F6 was a woman 45 years of age. This subject had had one child. She was a university graduate, and before her marriage she had been a teacher. She knew the purpose of the experiment, but had no preconceived ideas as to the probable outcome of any of the tests. She was passing through the climacteric, and to this fact is due the irregularity of occurrence and duration in the critical periods included in her record. This subject reported "no pain" at every one of the three periods included. She reported "very tired" on the first day of the first period, and on the fourth day of the third period, the same report being also made on days when the subject was not menstruating.

Two men took the tests in exactly the same way as the women subjects, thus yielding a control record. M1 was 31 years of age, and M2 was 37 years of age. Both were trained psychologists, and both led professional lives. Both were in excellent mental and physical health.

These women (except for the recurrence of neuritis in the case of F1) presented conditions of normal menstrual health, and all were in excellent mental health. None of them (except F4) experienced headaches or other nervous symptoms at periods, and they were not accustomed to remit work or make changes in their usual programmes of occupation. F2 and F3 were sisters. F1, F4, F5 and F6 were not related to them nor to each other in any way. The exact occurrence of physiological periods was indicated by placing a star (*) on the records taken on the days comprising each period. For F1, F2 and F3 the period presumably affected was five days in duration; for F4, sometimes five and sometimes four days; for F5, six days; for F6, sometimes five and sometimes three days.[p. 14]
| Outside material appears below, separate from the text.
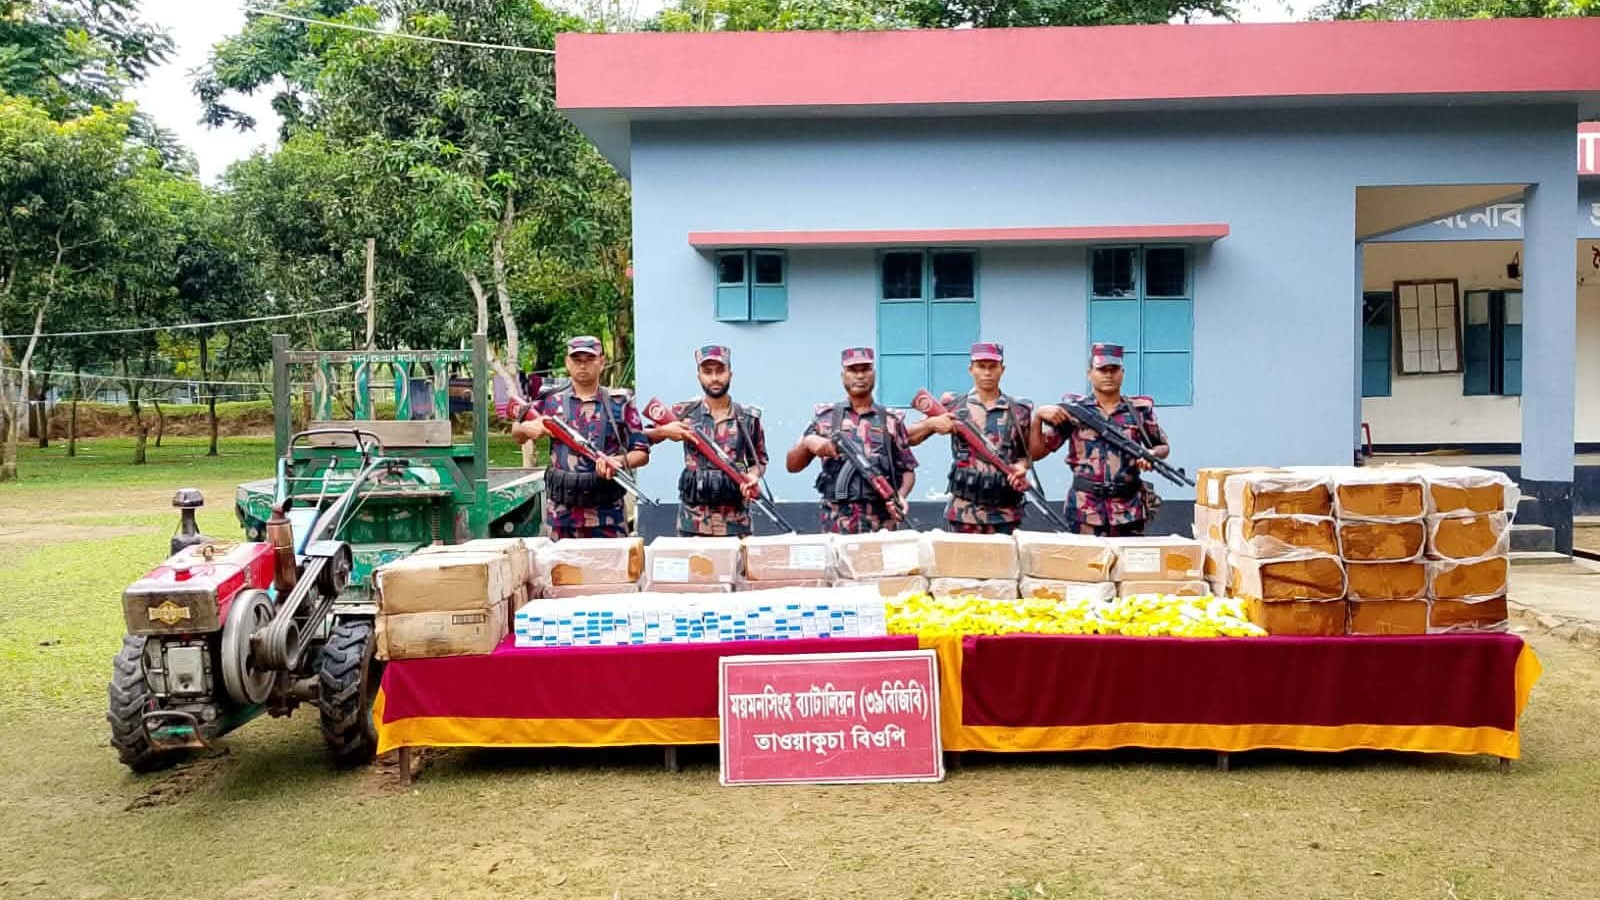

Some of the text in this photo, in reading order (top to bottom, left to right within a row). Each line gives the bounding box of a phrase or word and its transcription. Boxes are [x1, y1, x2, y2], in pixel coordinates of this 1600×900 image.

[728, 684, 793, 722] ময়মনসিংহ
[795, 682, 856, 718] ব্যাটালিয়ন
[752, 723, 906, 755] তাওয়াকুচা বিওপি
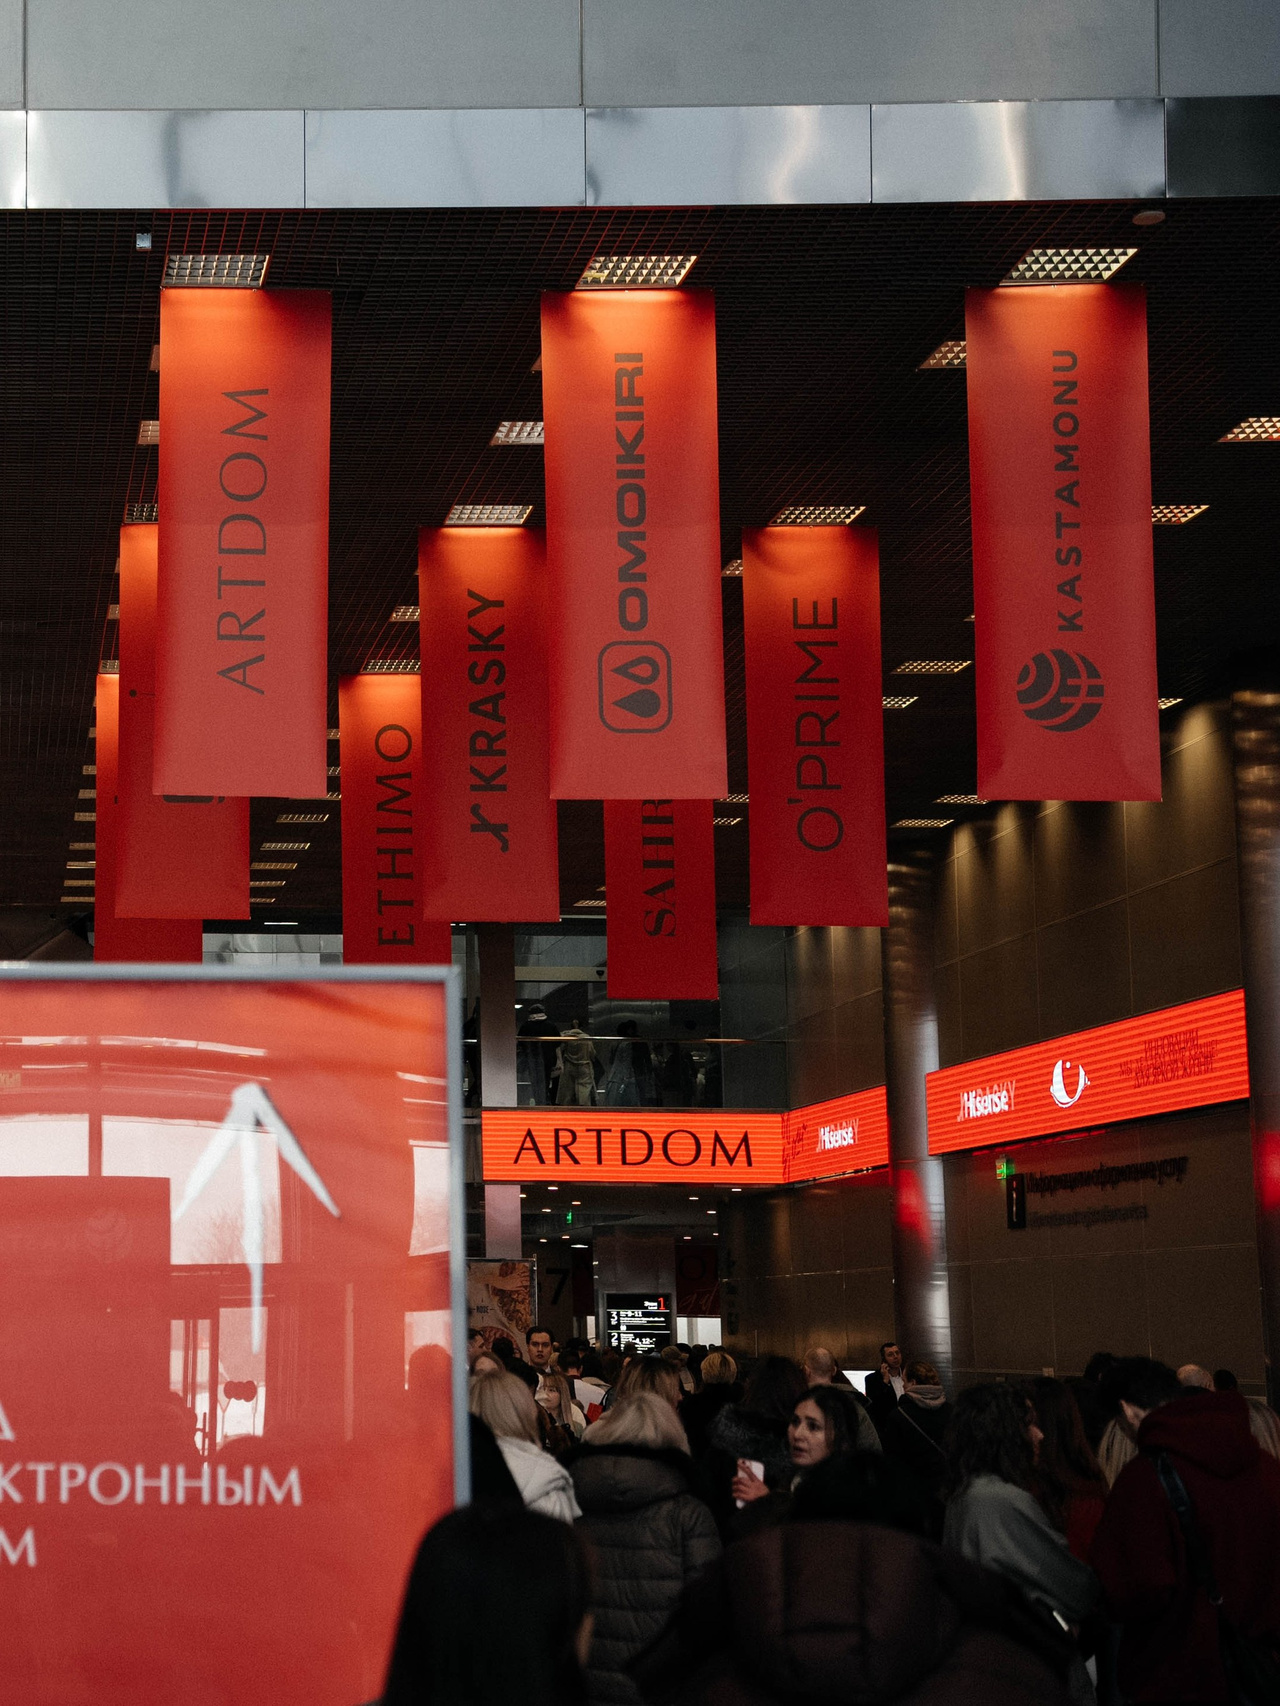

It is regrettable that daily records could not have been taken on a much greater number of subjects (both men and women). The intensive work with eight subjects is, however, supported and extended by similar experiments made on seventeen women, each of these subjects being tested on every third day for a period of thirty days. This additional work will be reported in a subsequent section of this monograph. The intensive study of the eight subjects who were tested daily is based on about 4,500 precise observations. The experiments were performed with the following questions in mind:

(1) Will careful and exact measurement reveal a periodic mental and motor inefficiency in normal women?

(2) If inefficiency be found, is it a function of physical suffering, or of profound psychological change, occurring independently of pain?

(3) If inefficiency be found, is it characteristic of the whole period, or only of a part of it?

(4) Is there greater or less variability of performance on days presumably affected?

(5) Is it possible to discern a period of regularly recurring maximum efficiency in each month?

(6) Is it possible to find, by methods of precision, the cycle referred to by Ellis and others?

(7) Can any relation be established between the curves platted for pulse-rate, blood pressure, temperature, etc., and the curves of a daily mental or motor performance extending over several months?